▶ [ACTION ITEM]
Transcribe every line below exactly; no image goes into the output.

▶ [DATASET]
↓↓↓

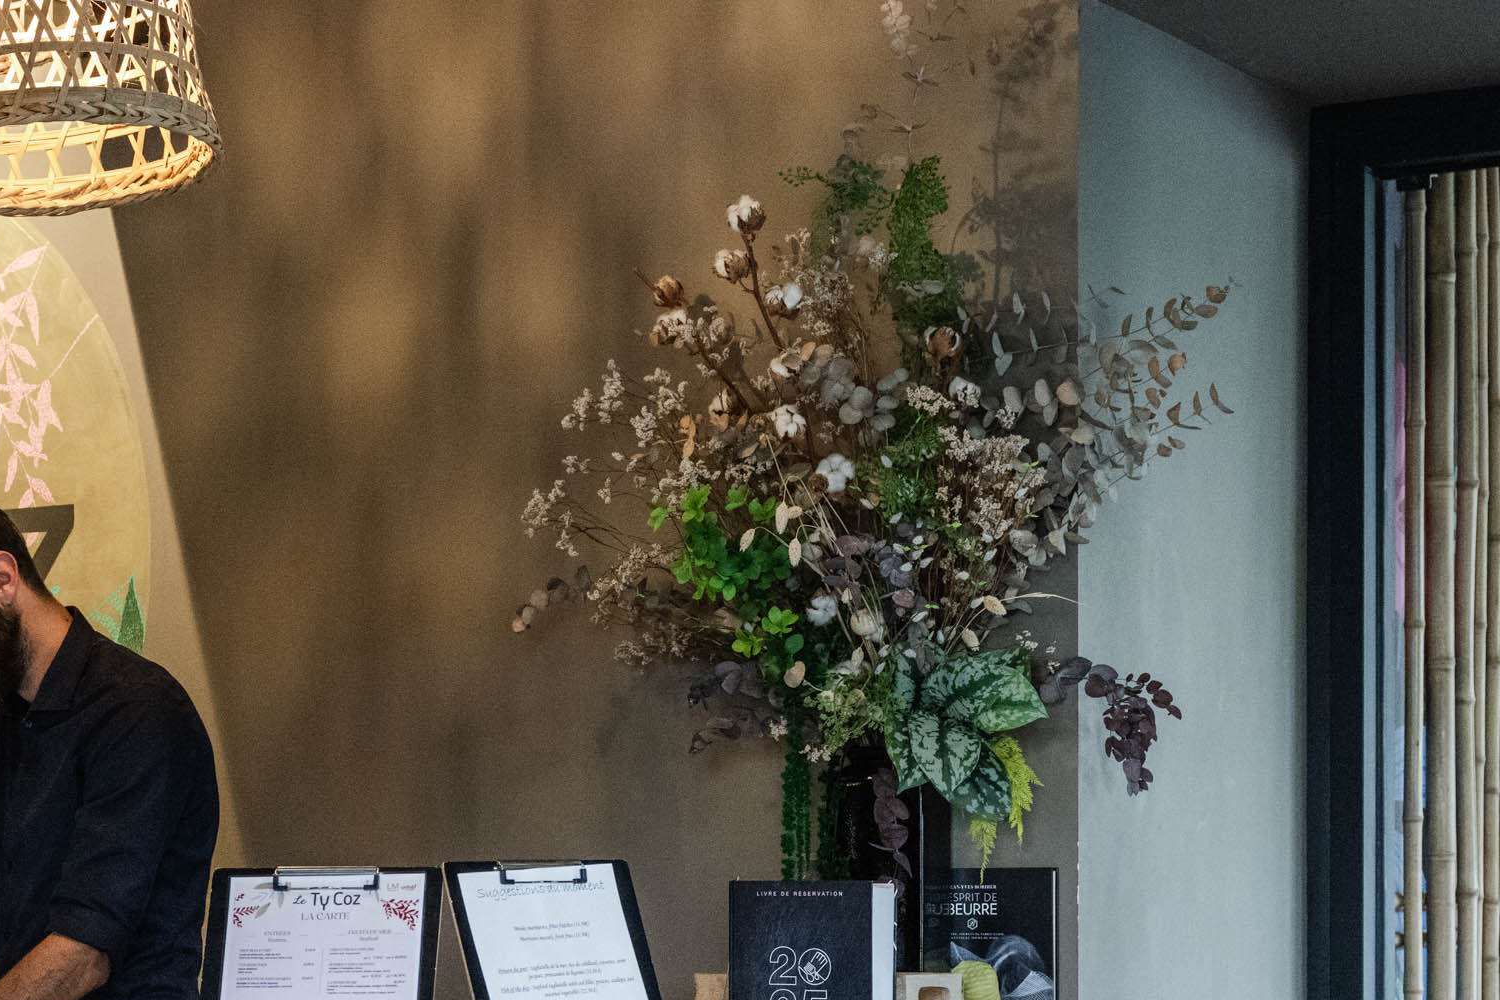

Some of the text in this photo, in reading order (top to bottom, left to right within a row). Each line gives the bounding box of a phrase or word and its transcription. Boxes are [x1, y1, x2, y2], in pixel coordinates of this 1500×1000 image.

[476, 885, 546, 901] Suggestions
[983, 892, 998, 902] DE
[292, 891, 361, 911] Le Ty Coz
[316, 911, 350, 921] CARTE
[949, 902, 998, 916] BEURRE

↑↑↑

▶ [EXERCISE ANSWER]
Some of the text in this photo, in reading order (top to bottom, left to right within a row). Each line gives the bounding box of a phrase or word and its transcription. Boxes are [x1, y1, x2, y2], in pixel coordinates of this 1500×1000 image.

[476, 885, 546, 901] Suggestions
[983, 892, 998, 902] DE
[292, 891, 361, 911] Le Ty Coz
[316, 911, 350, 921] CARTE
[949, 902, 998, 916] BEURRE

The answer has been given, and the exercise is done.